Product Description
Like other legumes, brown lentils are high in protein and fiber, which increase the feeling of fullness and are beneficial for those looking to lose weight. They contain many important minerals.
The bloating and gas formation that occurs after consuming legumes are caused by the so-called flatulence factors present in them. This effect can be reduced by soaking the lentils before cooking or replacing the first cooking water with fresh water.
A lencse hosszú évezredek óta fontos és kedvelt alapanyag. Több írásos forrás is említi, dicsőítik vagy éppen a szegények eledelének nevezik. Hippokratész például májbetegségek kezelésére ajánlotta.
In Europe, brown lentils are the most common. This variety does not differ much in nutritional value from other lentils, but for example, its cooking time is much longer than that of red lentils.
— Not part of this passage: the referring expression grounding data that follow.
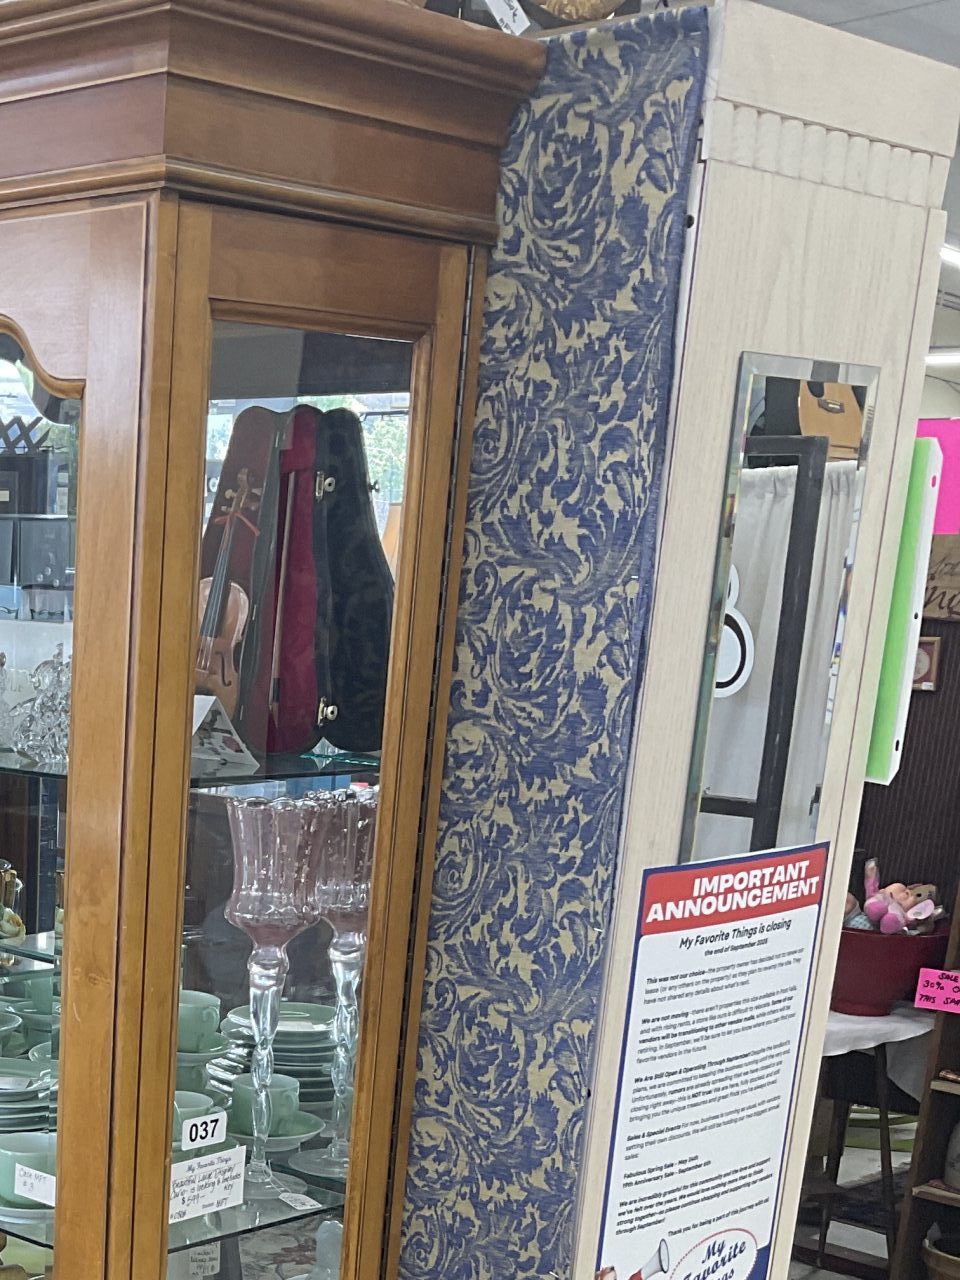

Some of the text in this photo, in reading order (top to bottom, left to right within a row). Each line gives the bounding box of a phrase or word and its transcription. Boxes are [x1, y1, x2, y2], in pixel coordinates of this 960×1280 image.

[693, 860, 809, 897] IMPORTANT
[645, 876, 820, 923] ANNOUNCEMENT
[679, 918, 792, 949] My Favorite Things is closing
[704, 948, 713, 957] the
[713, 947, 723, 956] end
[729, 941, 755, 954] September
[645, 976, 657, 985] This
[922, 979, 945, 991] 30%
[938, 972, 959, 983] SALE
[919, 993, 936, 1004] THIS
[638, 1034, 661, 1045] vendors
[660, 1032, 670, 1040] will
[677, 1024, 708, 1039] transitioning
[727, 1017, 743, 1026] vendor
[641, 1016, 650, 1025] We
[660, 1014, 670, 1022] not
[633, 1075, 643, 1084] We
[643, 1074, 653, 1082] Are
[653, 1071, 664, 1080] Still
[664, 1068, 677, 1078] Open
[682, 1062, 706, 1075] Operating
[706, 1057, 725, 1068] Through
[667, 1086, 686, 1095] rumors
[691, 1090, 701, 1099] NOT
[189, 1118, 219, 1143] 037
[626, 1132, 641, 1142] Sales
[645, 1126, 665, 1138] Special
[623, 1167, 647, 1181] Fabulous
[646, 1162, 663, 1175] Spring
[663, 1161, 674, 1170] Sale
[677, 1157, 687, 1166] May
[633, 1171, 663, 1188] Anniversary
[663, 1169, 674, 1178] Sale
[677, 1161, 703, 1175] September
[619, 1199, 628, 1207] We
[637, 1190, 662, 1205] incredibly
[661, 1185, 682, 1198] grateful
[689, 1180, 698, 1189] this
[698, 1172, 722, 1186] community
[722, 1170, 731, 1178] and
[731, 1167, 739, 1175] the
[739, 1164, 748, 1172] love
[633, 1204, 643, 1213] felt
[643, 1202, 654, 1211] over
[655, 1199, 663, 1207] the
[686, 1189, 700, 1198] would
[700, 1185, 710, 1193] love
[710, 1180, 727, 1191] nothing
[727, 1177, 738, 1185] more
[615, 1216, 634, 1228] strong
[664, 1203, 681, 1214] please
[680, 1197, 700, 1208] continue
[700, 1190, 720, 1203] shopping
[729, 1181, 751, 1193] supporting
[667, 1226, 682, 1237] Thank
[682, 1224, 691, 1233] you
[698, 1218, 712, 1228] being
[715, 1213, 725, 1221] part
[725, 1210, 730, 1218] of
[730, 1208, 739, 1216] this
[738, 1203, 754, 1214] journey
[754, 1198, 763, 1207] with
[614, 1223, 636, 1238] through
[701, 1240, 726, 1265] My
Ground lentils can also be used as flour. They are excellent thickening agents for stews.
Interestingly, many people still eat lentils on January 1st in order to attract more money in the new year
Usage:
The most common way to consume brown lentils is in soup or stew, but there are many more possibilities. They can be used to make patties, stuffing, sandwich spread, and salad.
Soak the lentils for 4-5 hours or overnight before cooking. Cooking time is still at least 30-40 minutes.
Only add salt to the lentils towards the end of cooking, as it can prolong the cooking time. Mustard, bay leaf, oregano, rosemary, and basil go well with lentils among the spices.